Excerpts from a dataset>
= Beginning of Section =

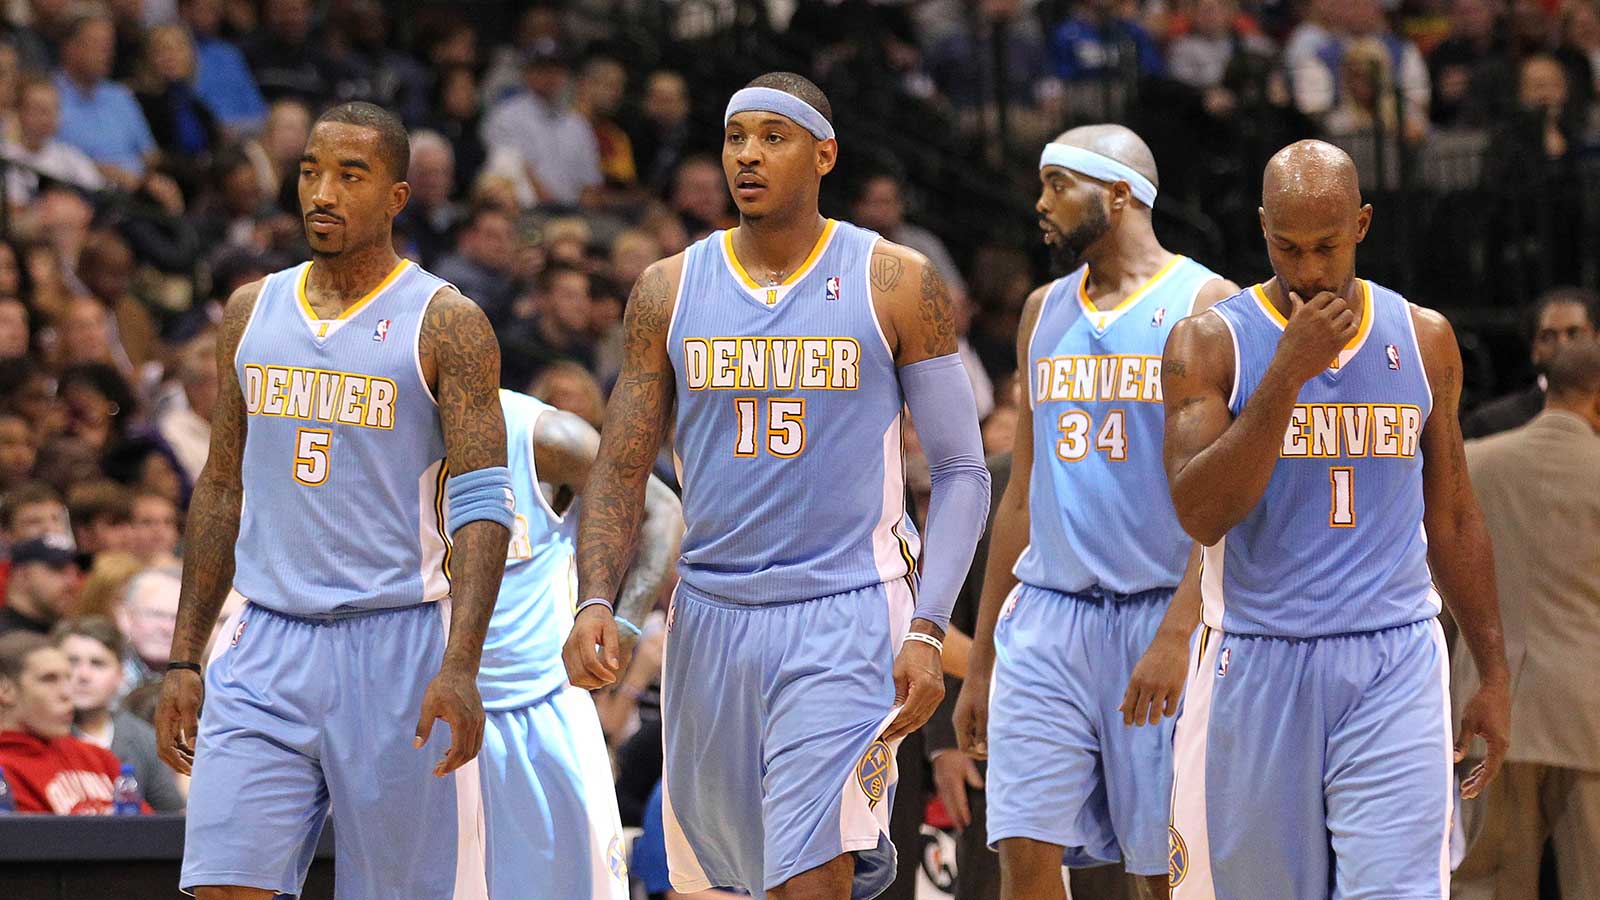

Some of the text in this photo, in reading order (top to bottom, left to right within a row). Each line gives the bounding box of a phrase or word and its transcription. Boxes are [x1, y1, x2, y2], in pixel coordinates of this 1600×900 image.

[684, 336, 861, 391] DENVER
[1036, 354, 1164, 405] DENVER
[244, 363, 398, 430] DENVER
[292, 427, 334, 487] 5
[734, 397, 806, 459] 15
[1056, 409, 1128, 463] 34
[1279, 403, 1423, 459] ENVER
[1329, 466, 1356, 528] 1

= End of Section =

A complete and exact copy of the records is required. Exclude the pictures.

RESPONSE>
Some of the text in this photo, in reading order (top to bottom, left to right within a row). Each line gives the bounding box of a phrase or word and its transcription. Boxes are [x1, y1, x2, y2], in pixel coordinates of this 1600×900 image.

[684, 336, 861, 391] DENVER
[1036, 354, 1164, 405] DENVER
[244, 363, 398, 430] DENVER
[292, 427, 334, 487] 5
[734, 397, 806, 459] 15
[1056, 409, 1128, 463] 34
[1279, 403, 1423, 459] ENVER
[1329, 466, 1356, 528] 1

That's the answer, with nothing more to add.